Casa de Pedra: megabarragem da CSN em obras volta a preocupar vizinhos

Em Congonhas, maior represa de rejeitos urbana do mundo passa por intervenções depois de erosão em encosta, deixando comunidade apreensiva


21/08/2022 04:00 - atualizado 21/08/2022 07:29

Morador observa de casa a estrutura gigante
Morador observa de casa a estrutura gigante: algumas moradias podem ser atingidas em segundos, em caso de desastre. Empresa garante que estrutura é segura (foto: EDÉSIO FERREIRA/EM/D.A PRESS)
Congonhas –  Depois de evacuações, abandono de equipamentos públicos e apreensão com desmoronamentos na área da maior barragem urbana do mundo, os olhos de 2,5 mil pessoas diretamente ameaçadas se voltam para as obras que se iniciaram em uma área erodida de 2 mil metros quadrados, um rombo aberto pelas chuvas de fevereiro em parte de morro natural que apoia a Barragem Casa de Pedra, em Congonhas, cidade histórica da Região Central mineira, a 82 quilômetros de Belo Horizonte.
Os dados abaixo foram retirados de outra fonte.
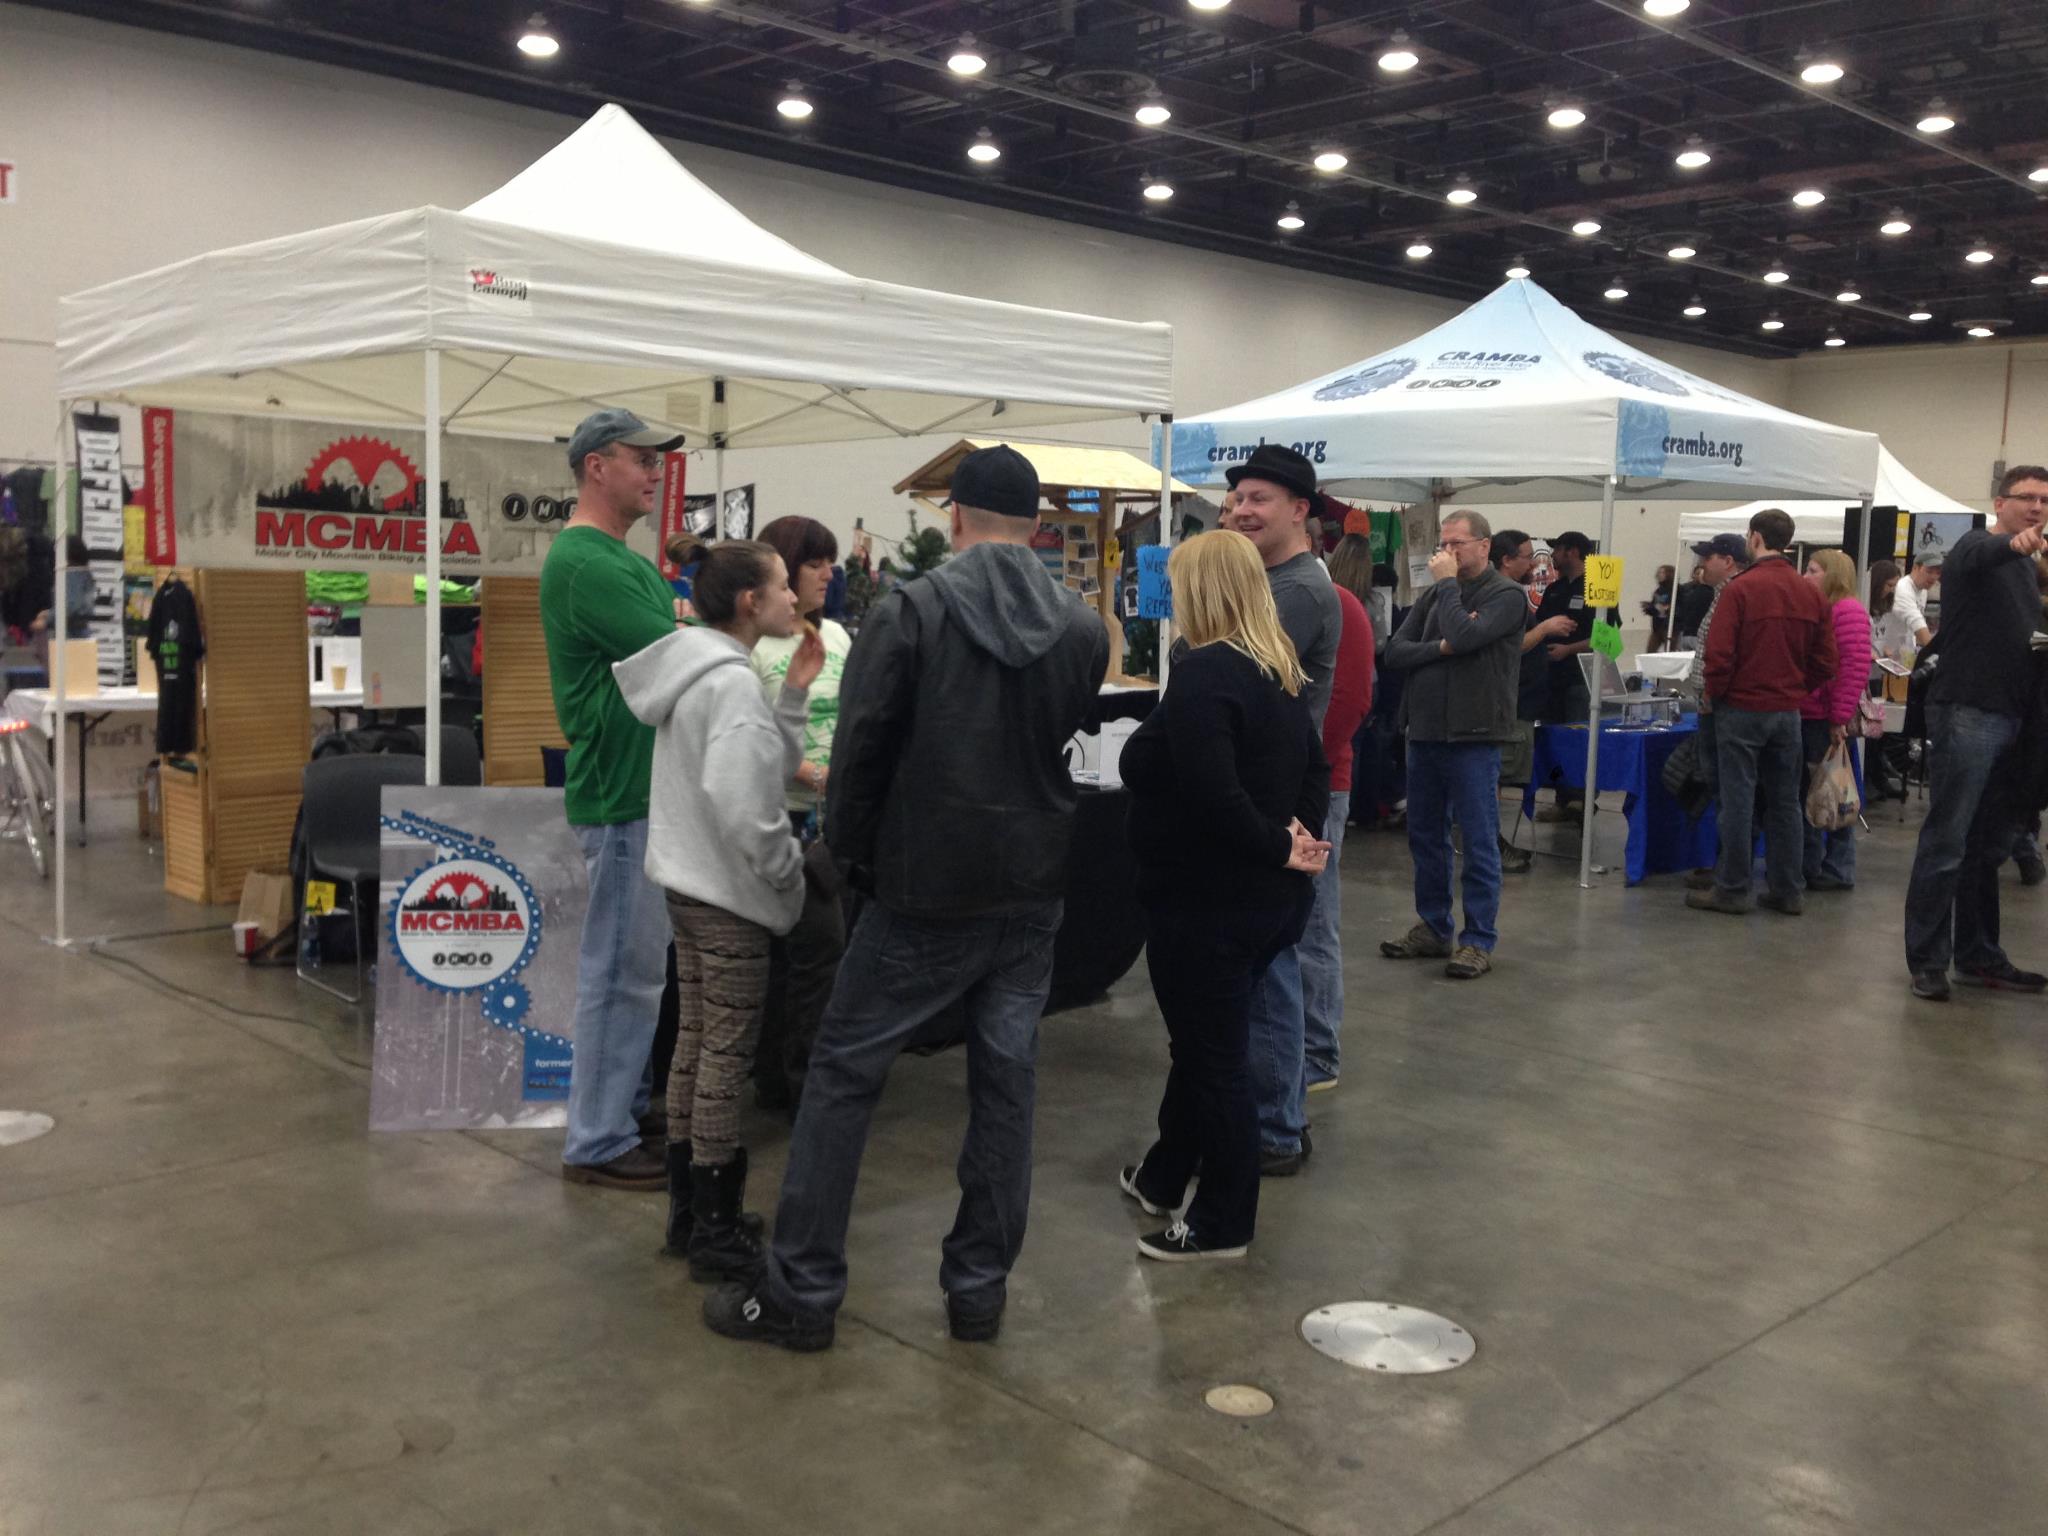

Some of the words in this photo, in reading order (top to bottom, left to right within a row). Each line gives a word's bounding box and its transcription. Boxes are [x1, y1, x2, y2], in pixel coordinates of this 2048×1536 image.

Na segunda-feira (8/8) operários começaram limpeza para cobrir de concreto o local de deslizamentos, de forma a impedir que mais chuvas ameacem o terreno. A empresa e as declarações na Agência Nacional de Mineração dão conta de que as barragens estão estáveis.


As obras representam mais dias de angústia para a população dos bairros congonhenses Dom Oscar, Cristo Rei, Residencial Gualter Monteiro e Eldorado, principalmente por não ser essa a única intervenção no complexo de barragens da Companhia Siderúrgica Nacional (CSN) na cidade.

Acima da Barragem Casa de Pedra está o barramento B4, uma das estruturas construídas com ampliação de capacidade a montante, a mesma técnica de alteamento das barragens que se romperam em Mariana (2015) e em Brumadinho (2019), e que deveria ter sido desmanchada neste ano. Ela está tendo os cursos de água que a formaram desviados para ser descaracterizada, um processo delicado, que deve ser concluído apenas em 2028, segundo a empresa.

Outro fator que também preocupa a população e ativistas ambientais é a quantidade de água entrando na Barragem Casa de Pedra, parte dela com aspecto lamacento, mesmo nesta época de chuvas escassas. Uma situação que não deveria ocorrer, já que a barragem oficialmente não recebe mais rejeitos e não pode ser ampliada.

Um desses cursos é a antiga canaleta que levava água com rejeitos do tratamento do minério de ferro, responsável por criar a barragem. A reportagem constatou, em dia de céu limpo, o aspecto escuro da água, que pode ser indicativo de rejeitos. Outros dutos que parecem vir das prensas de desidratação também ingressam na Casa de Pedra com o mesmo aspecto.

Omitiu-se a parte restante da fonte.